- ACTION ITEM: Omit any picture, and return the remaining data exactly as written.

- Collected data entries:
Segment Open

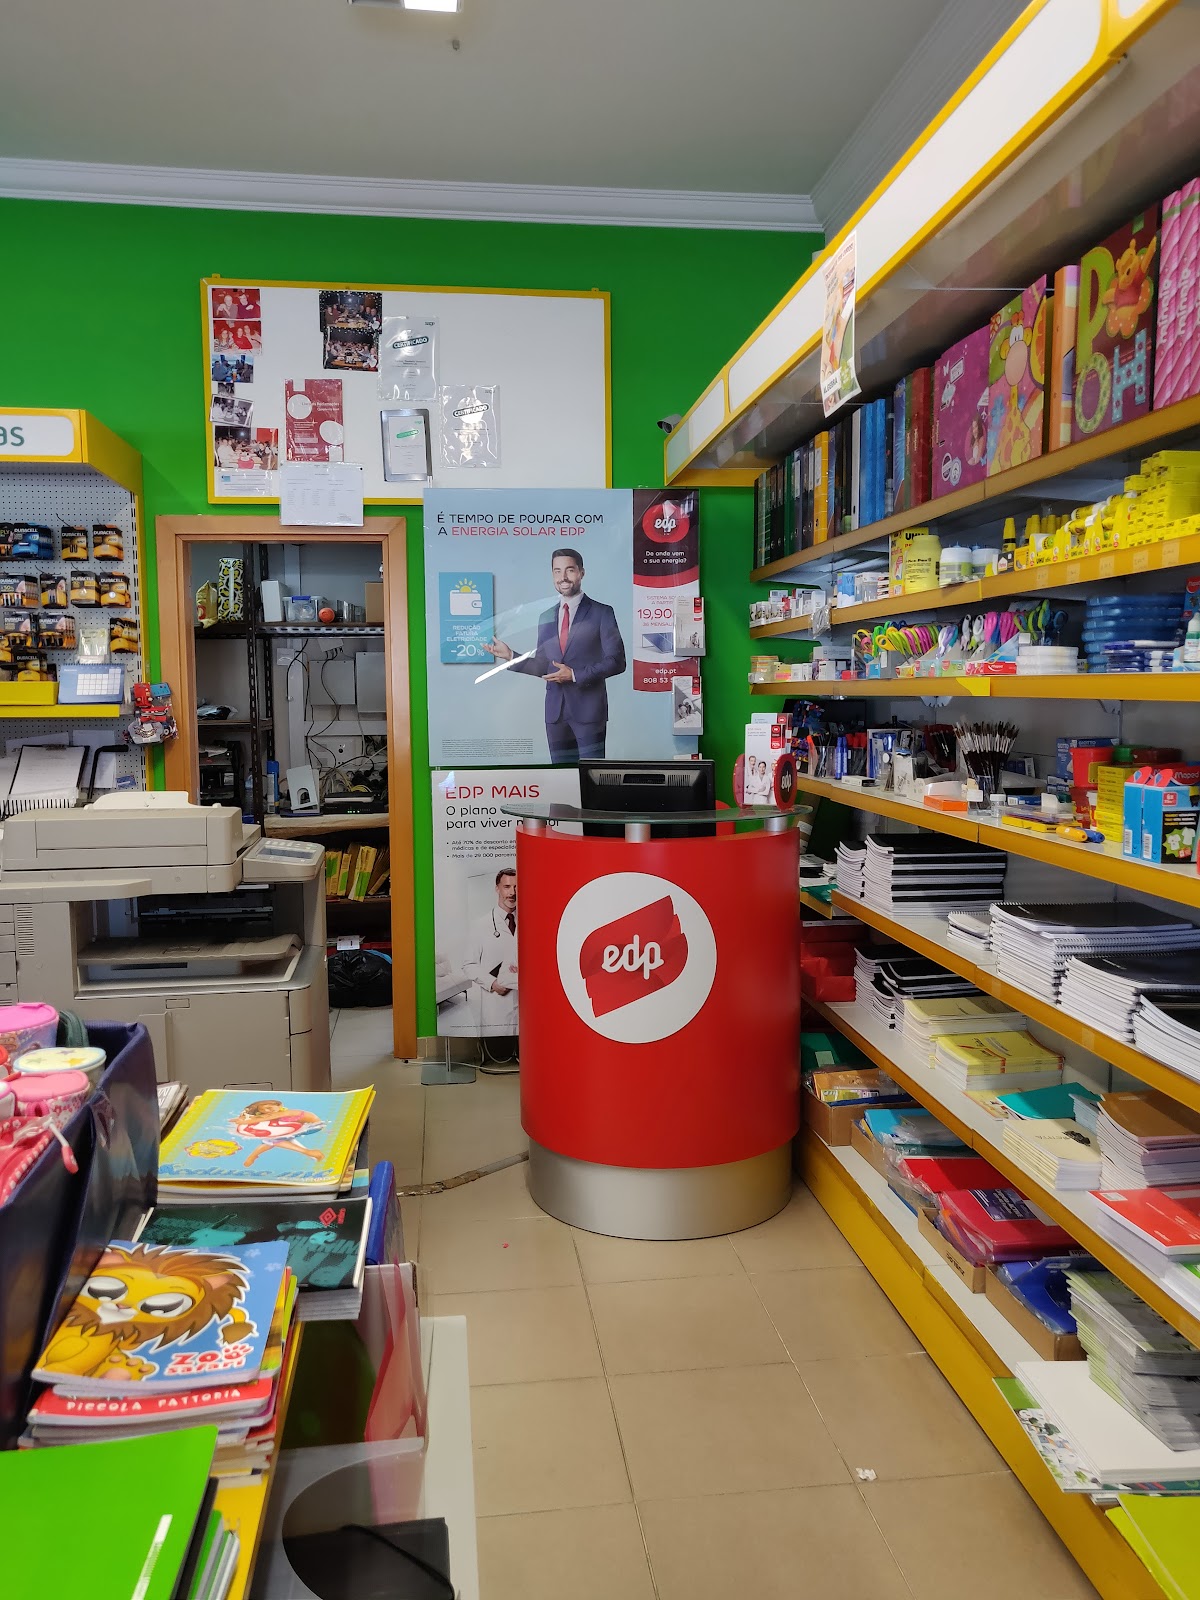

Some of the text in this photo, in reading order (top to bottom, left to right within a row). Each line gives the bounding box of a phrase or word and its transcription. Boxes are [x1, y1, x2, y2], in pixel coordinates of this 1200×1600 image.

[437, 512, 604, 524] É TEMPO DE POUPAR COM
[438, 527, 585, 536] A ENERGIA SOLAR EDP
[1174, 772, 1200, 780] Maped
[446, 785, 540, 799] EDP MAIS
[446, 806, 456, 815] O
[460, 805, 496, 817] plano
[446, 820, 476, 830] para
[481, 818, 512, 827] viver
[601, 934, 665, 980] edp
[173, 1346, 248, 1365] ZOO
[165, 1358, 244, 1376] safari
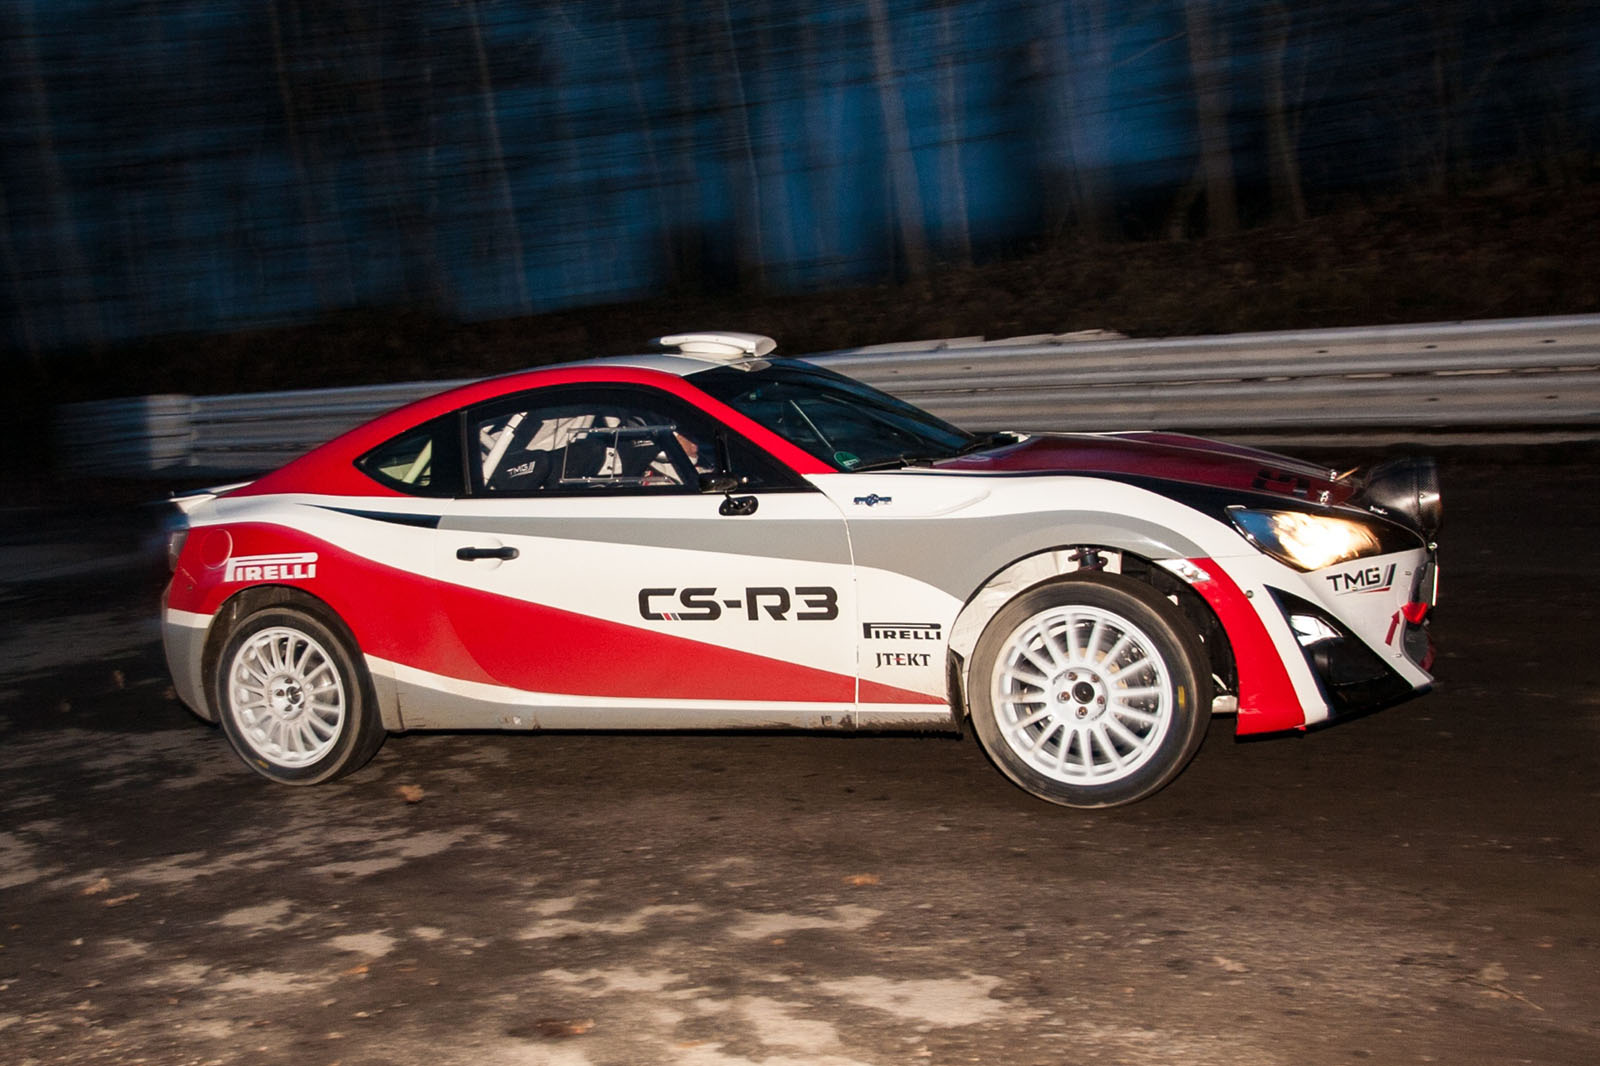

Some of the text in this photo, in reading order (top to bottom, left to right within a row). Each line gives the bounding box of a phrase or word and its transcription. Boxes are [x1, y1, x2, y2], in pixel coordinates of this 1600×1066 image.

[224, 552, 318, 582] PIRELLI
[1326, 567, 1381, 592] TMG
[638, 587, 839, 621] CS-R3
[863, 622, 941, 640] PIRELLI
[875, 653, 931, 668] JTEKT
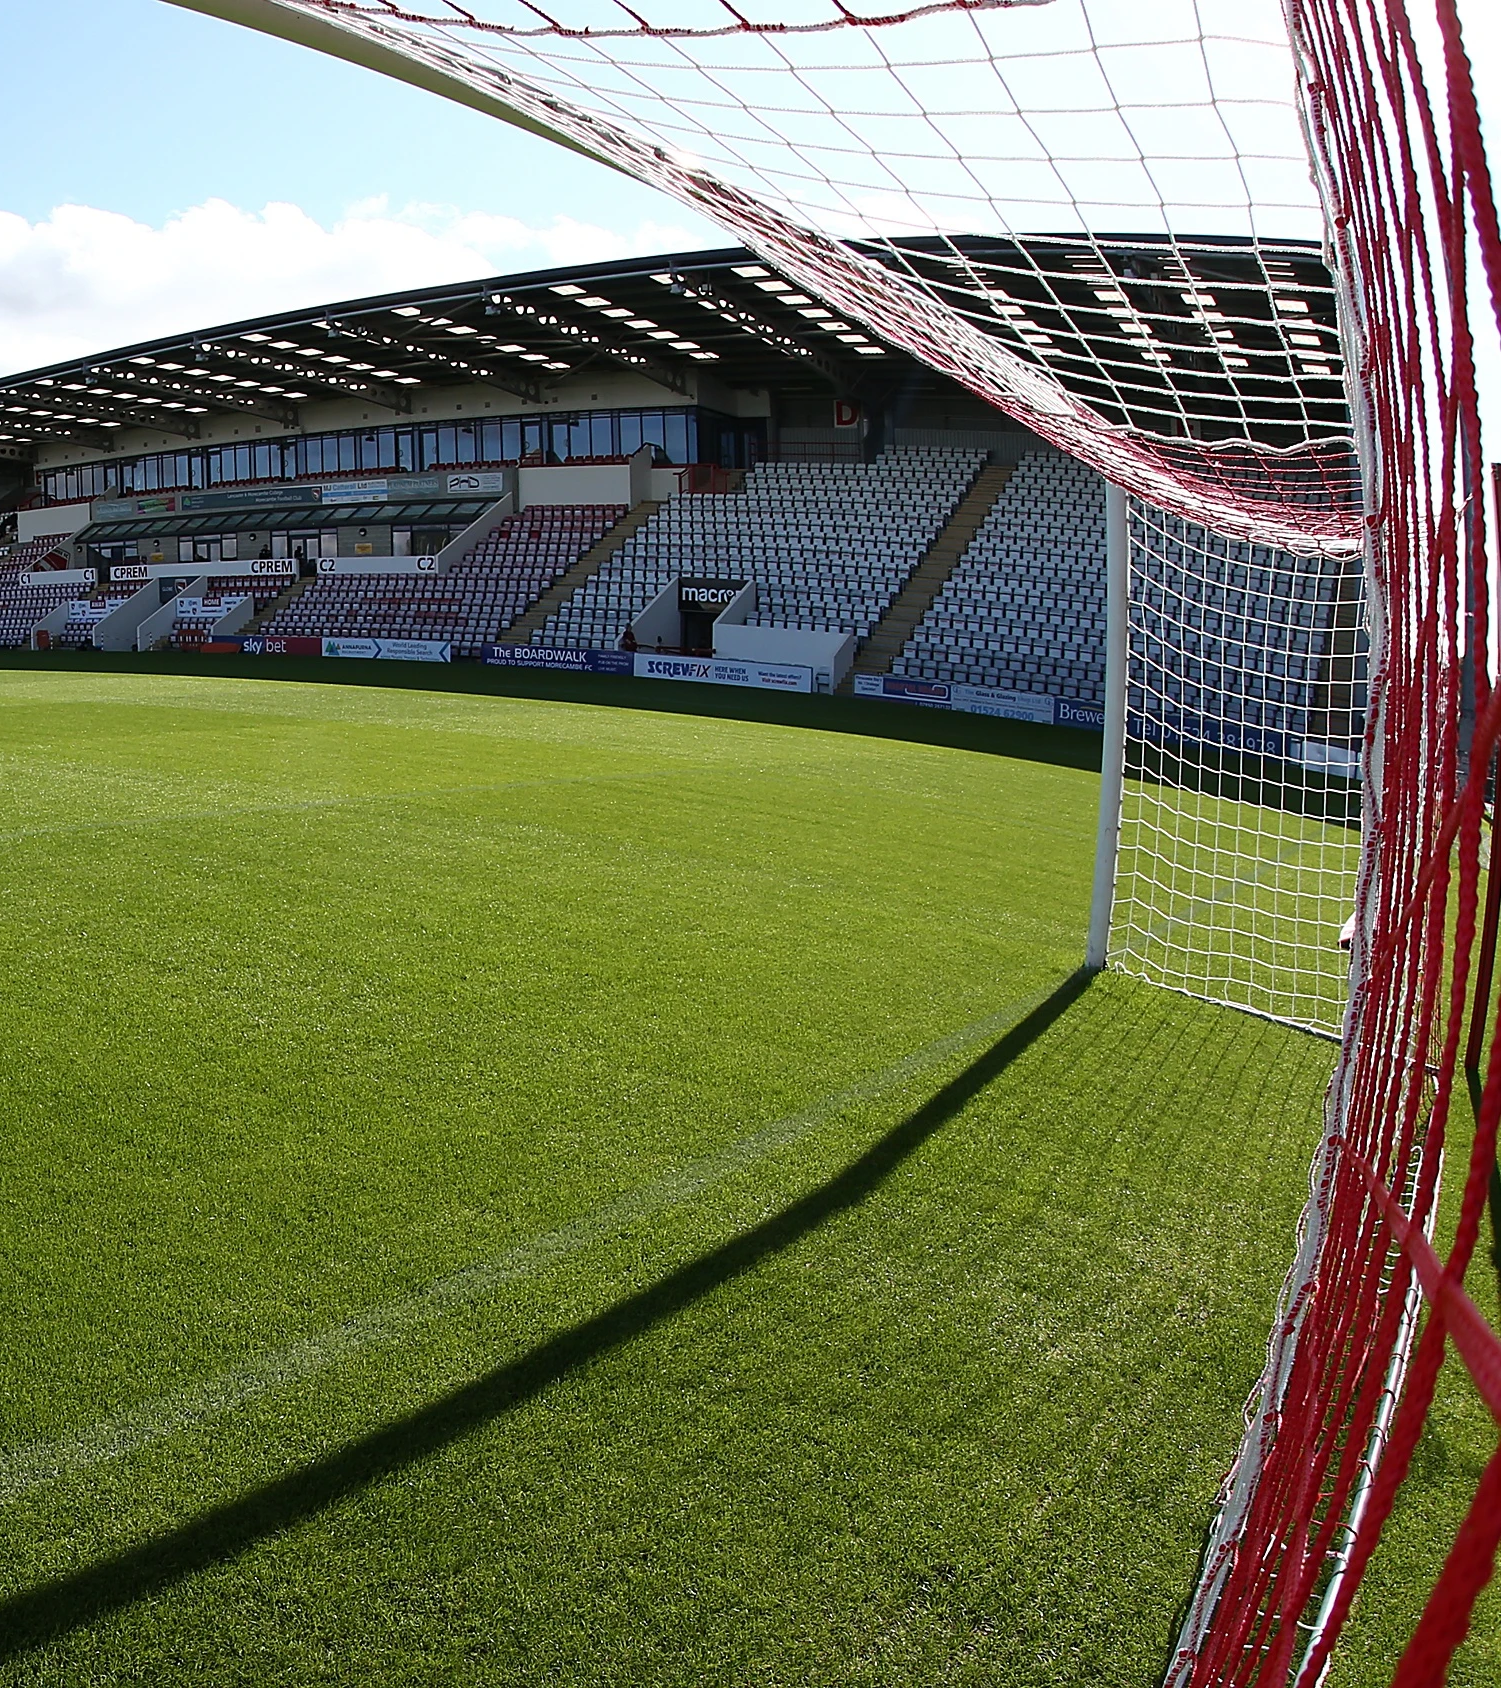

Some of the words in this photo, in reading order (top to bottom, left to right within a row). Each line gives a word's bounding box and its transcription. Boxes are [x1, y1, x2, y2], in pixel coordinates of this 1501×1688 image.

[835, 400, 860, 426] D
[251, 561, 293, 573] CPREM
[320, 559, 335, 572] C2
[417, 557, 435, 570] C2
[21, 574, 30, 584] C1
[84, 570, 94, 580] C1
[113, 567, 148, 579] CPREM
[243, 638, 262, 655] sky
[266, 638, 287, 653] bet
[492, 647, 511, 658] The
[514, 648, 587, 663] BOARDWALK
[517, 660, 544, 668] SUPPORT
[545, 662, 583, 670] MORECAMBE
[647, 660, 712, 678] SCREWFIX
[975, 690, 990, 698] Glass
[996, 693, 1017, 702] Glazing
[970, 705, 1000, 715] 01524
[1059, 703, 1105, 724] Brewe
[1133, 717, 1156, 737] Tel

Segment Closed

- RESULT OF THIS TASK:
Some of the text in this photo, in reading order (top to bottom, left to right within a row). Each line gives the bounding box of a phrase or word and its transcription. Boxes are [x1, y1, x2, y2], in pixel coordinates of this 1200×1600 image.

[437, 512, 604, 524] É TEMPO DE POUPAR COM
[438, 527, 585, 536] A ENERGIA SOLAR EDP
[1174, 772, 1200, 780] Maped
[446, 785, 540, 799] EDP MAIS
[446, 806, 456, 815] O
[460, 805, 496, 817] plano
[446, 820, 476, 830] para
[481, 818, 512, 827] viver
[601, 934, 665, 980] edp
[173, 1346, 248, 1365] ZOO
[165, 1358, 244, 1376] safari

Some of the text in this photo, in reading order (top to bottom, left to right within a row). Each line gives the bounding box of a phrase or word and its transcription. Boxes are [x1, y1, x2, y2], in pixel coordinates of this 1600×1066 image.

[224, 552, 318, 582] PIRELLI
[1326, 567, 1381, 592] TMG
[638, 587, 839, 621] CS-R3
[863, 622, 941, 640] PIRELLI
[875, 653, 931, 668] JTEKT

Some of the words in this photo, in reading order (top to bottom, left to right within a row). Each line gives a word's bounding box and its transcription. Boxes are [x1, y1, x2, y2], in pixel coordinates of this 1501×1688 image.

[835, 400, 860, 426] D
[251, 561, 293, 573] CPREM
[320, 559, 335, 572] C2
[417, 557, 435, 570] C2
[21, 574, 30, 584] C1
[84, 570, 94, 580] C1
[113, 567, 148, 579] CPREM
[243, 638, 262, 655] sky
[266, 638, 287, 653] bet
[492, 647, 511, 658] The
[514, 648, 587, 663] BOARDWALK
[517, 660, 544, 668] SUPPORT
[545, 662, 583, 670] MORECAMBE
[647, 660, 712, 678] SCREWFIX
[975, 690, 990, 698] Glass
[996, 693, 1017, 702] Glazing
[970, 705, 1000, 715] 01524
[1059, 703, 1105, 724] Brewe
[1133, 717, 1156, 737] Tel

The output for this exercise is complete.